AIM OF THE EXERCISE: Please copy out the entries exactly, skipping any pictures.

********************

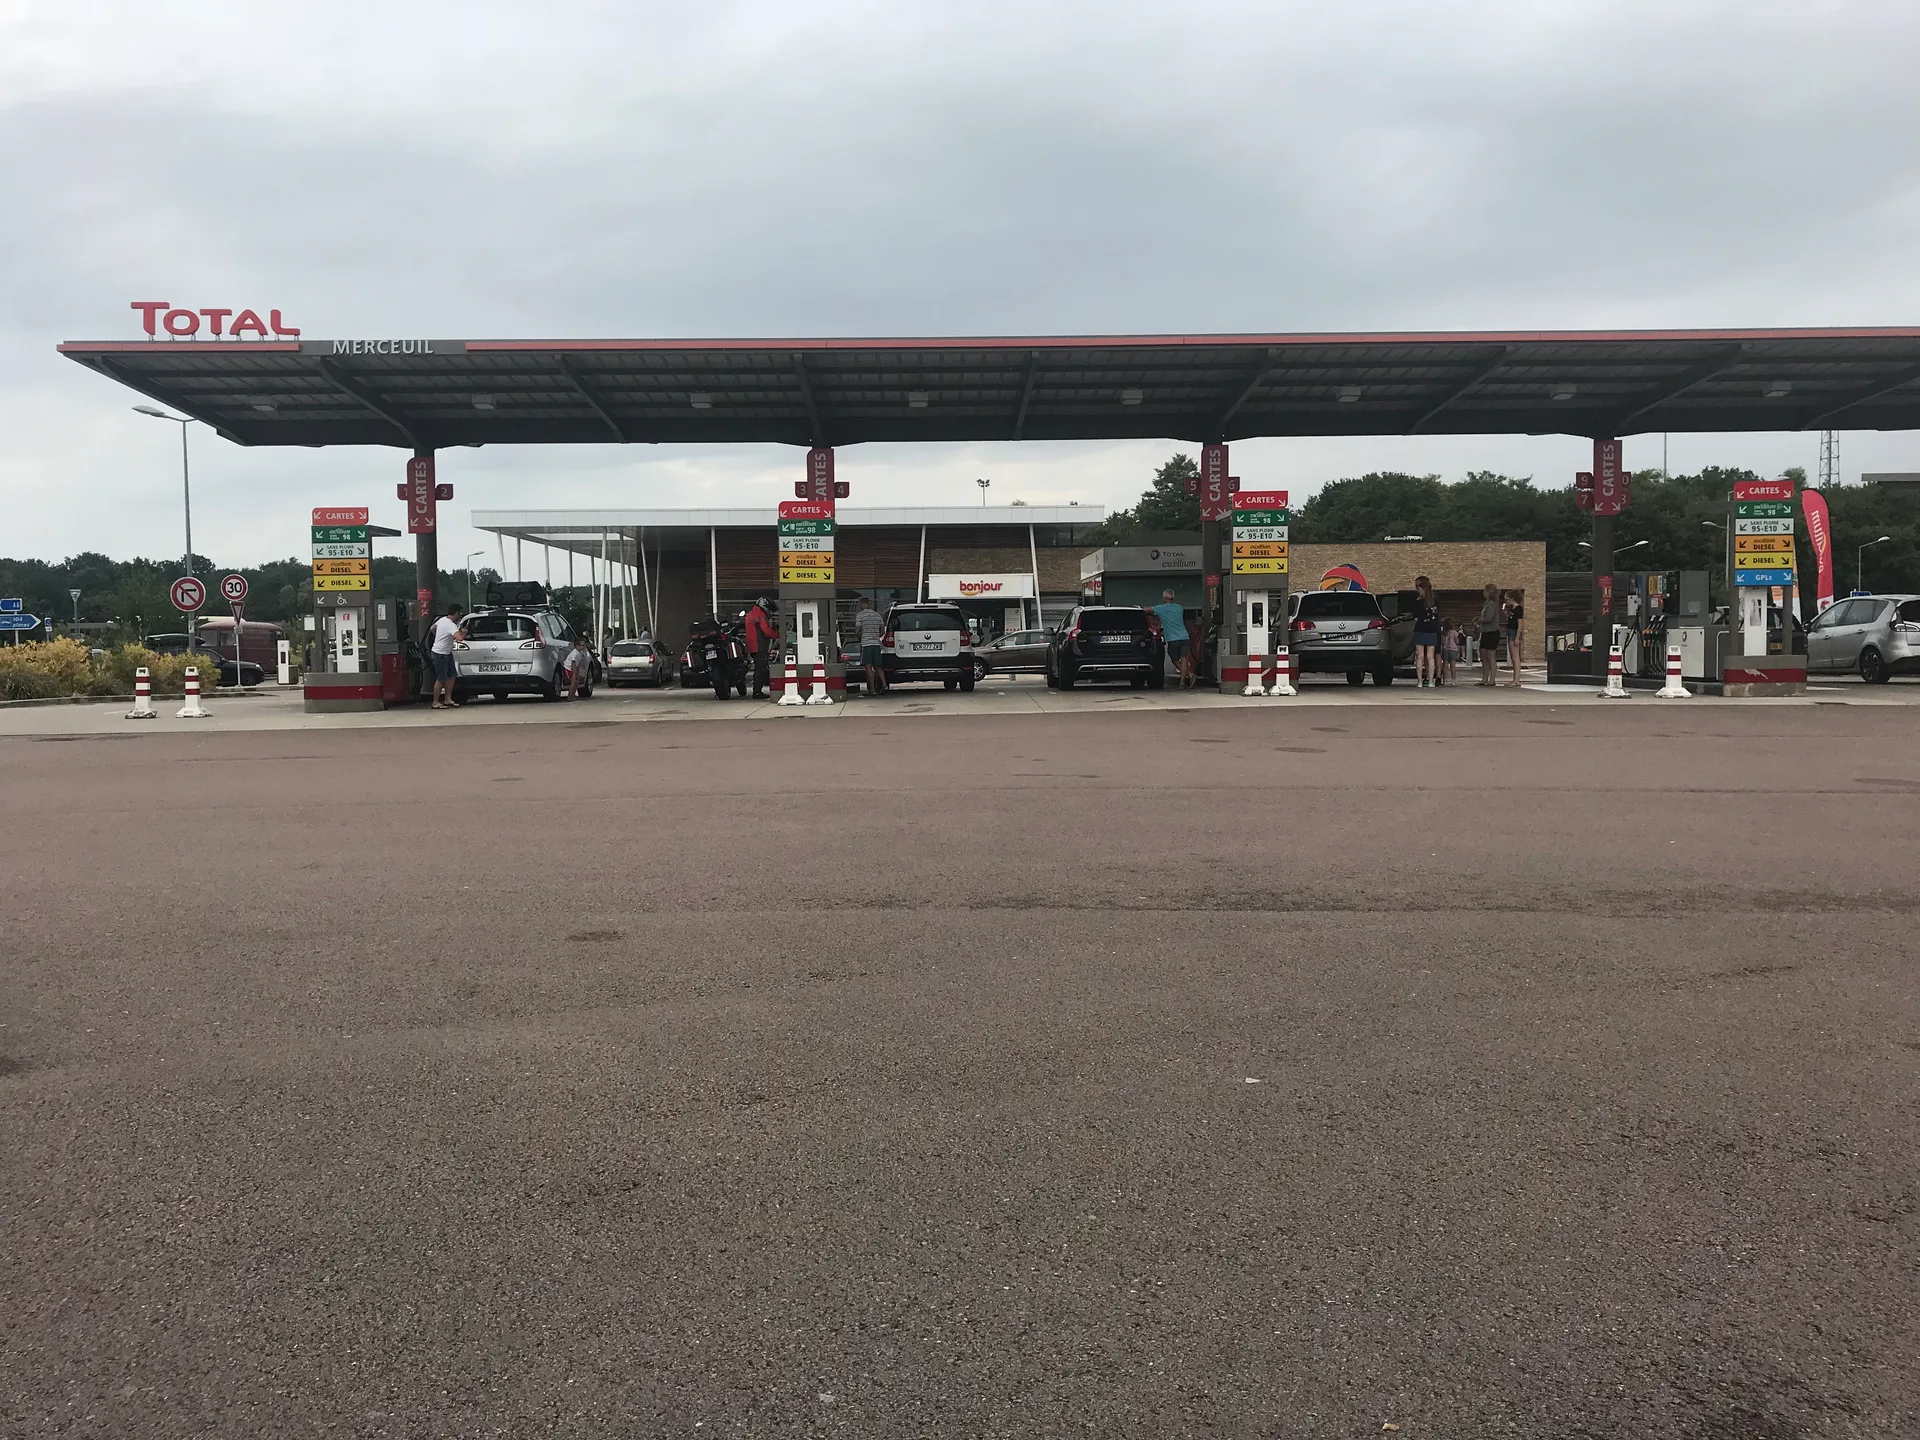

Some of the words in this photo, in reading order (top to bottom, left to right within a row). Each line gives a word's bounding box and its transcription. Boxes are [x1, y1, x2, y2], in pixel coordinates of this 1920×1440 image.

[131, 301, 300, 336] TOTAL
[332, 339, 434, 356] MERCEUIL
[1209, 449, 1221, 502] CARTES
[1602, 444, 1614, 497] CARTES
[815, 453, 827, 501] ARTES
[1581, 475, 1589, 486] 9
[415, 461, 427, 514] CARTES
[800, 484, 807, 495] 3
[837, 484, 845, 495] 4
[1190, 480, 1197, 491] 5
[1228, 479, 1235, 490] 6
[440, 487, 449, 498] 2
[1749, 486, 1780, 495] CARTES
[1246, 496, 1275, 504] CARTES
[1580, 494, 1588, 505] 7
[792, 506, 821, 514] CARTES
[325, 512, 355, 520] CARTES
[807, 526, 816, 534] 98
[794, 542, 819, 550] 95-E10
[1161, 558, 1196, 568] excellium
[227, 582, 243, 593] 30
[959, 580, 1003, 593] bonjour
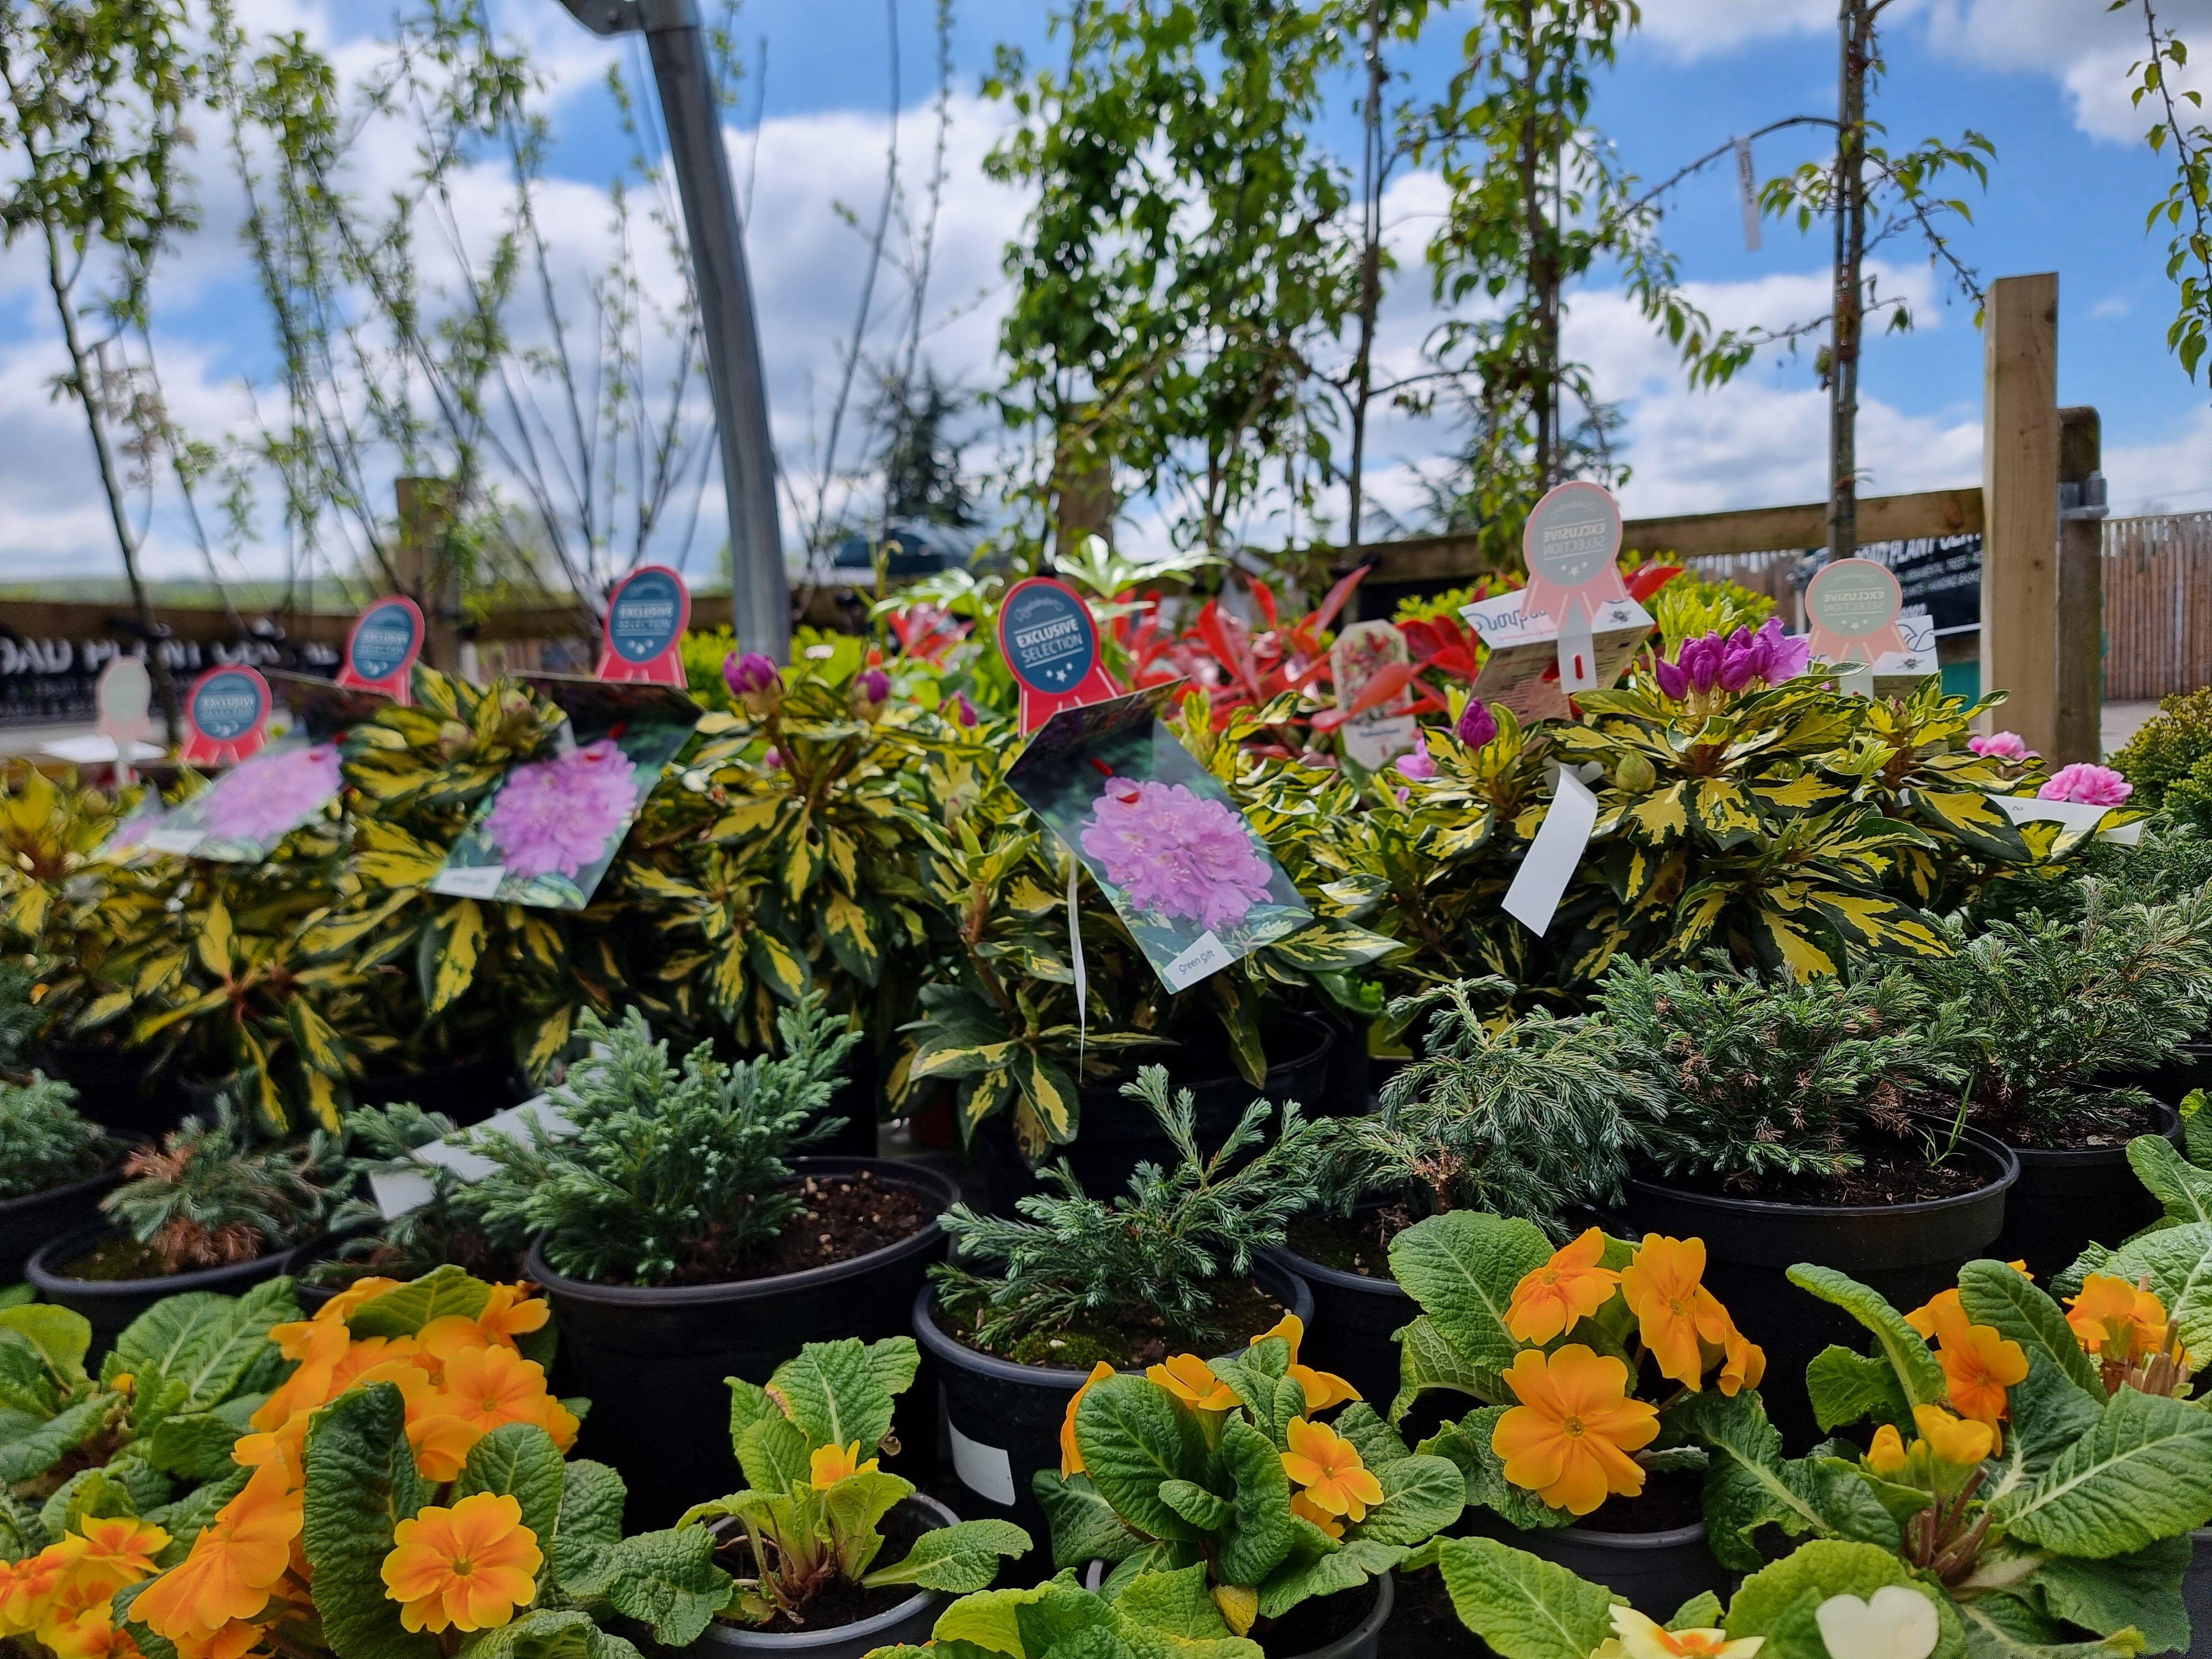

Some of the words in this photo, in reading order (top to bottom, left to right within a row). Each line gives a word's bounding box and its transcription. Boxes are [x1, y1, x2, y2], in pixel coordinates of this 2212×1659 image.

[618, 603, 673, 619] EXCLUSIVE
[1016, 618, 1079, 648] EXCLUSIVE
[1021, 633, 1083, 663] SELECTION
[1179, 957, 1201, 975] Green
[1200, 949, 1215, 963] Gift

********************

WRITTEN ANSWER:
Some of the words in this photo, in reading order (top to bottom, left to right within a row). Each line gives a word's bounding box and its transcription. Boxes are [x1, y1, x2, y2], in pixel coordinates of this 1920×1440 image.

[131, 301, 300, 336] TOTAL
[332, 339, 434, 356] MERCEUIL
[1209, 449, 1221, 502] CARTES
[1602, 444, 1614, 497] CARTES
[815, 453, 827, 501] ARTES
[1581, 475, 1589, 486] 9
[415, 461, 427, 514] CARTES
[800, 484, 807, 495] 3
[837, 484, 845, 495] 4
[1190, 480, 1197, 491] 5
[1228, 479, 1235, 490] 6
[440, 487, 449, 498] 2
[1749, 486, 1780, 495] CARTES
[1246, 496, 1275, 504] CARTES
[1580, 494, 1588, 505] 7
[792, 506, 821, 514] CARTES
[325, 512, 355, 520] CARTES
[807, 526, 816, 534] 98
[794, 542, 819, 550] 95-E10
[1161, 558, 1196, 568] excellium
[227, 582, 243, 593] 30
[959, 580, 1003, 593] bonjour

Some of the words in this photo, in reading order (top to bottom, left to right within a row). Each line gives a word's bounding box and its transcription. Boxes are [x1, y1, x2, y2], in pixel coordinates of this 2212×1659 image.

[618, 603, 673, 619] EXCLUSIVE
[1016, 618, 1079, 648] EXCLUSIVE
[1021, 633, 1083, 663] SELECTION
[1179, 957, 1201, 975] Green
[1200, 949, 1215, 963] Gift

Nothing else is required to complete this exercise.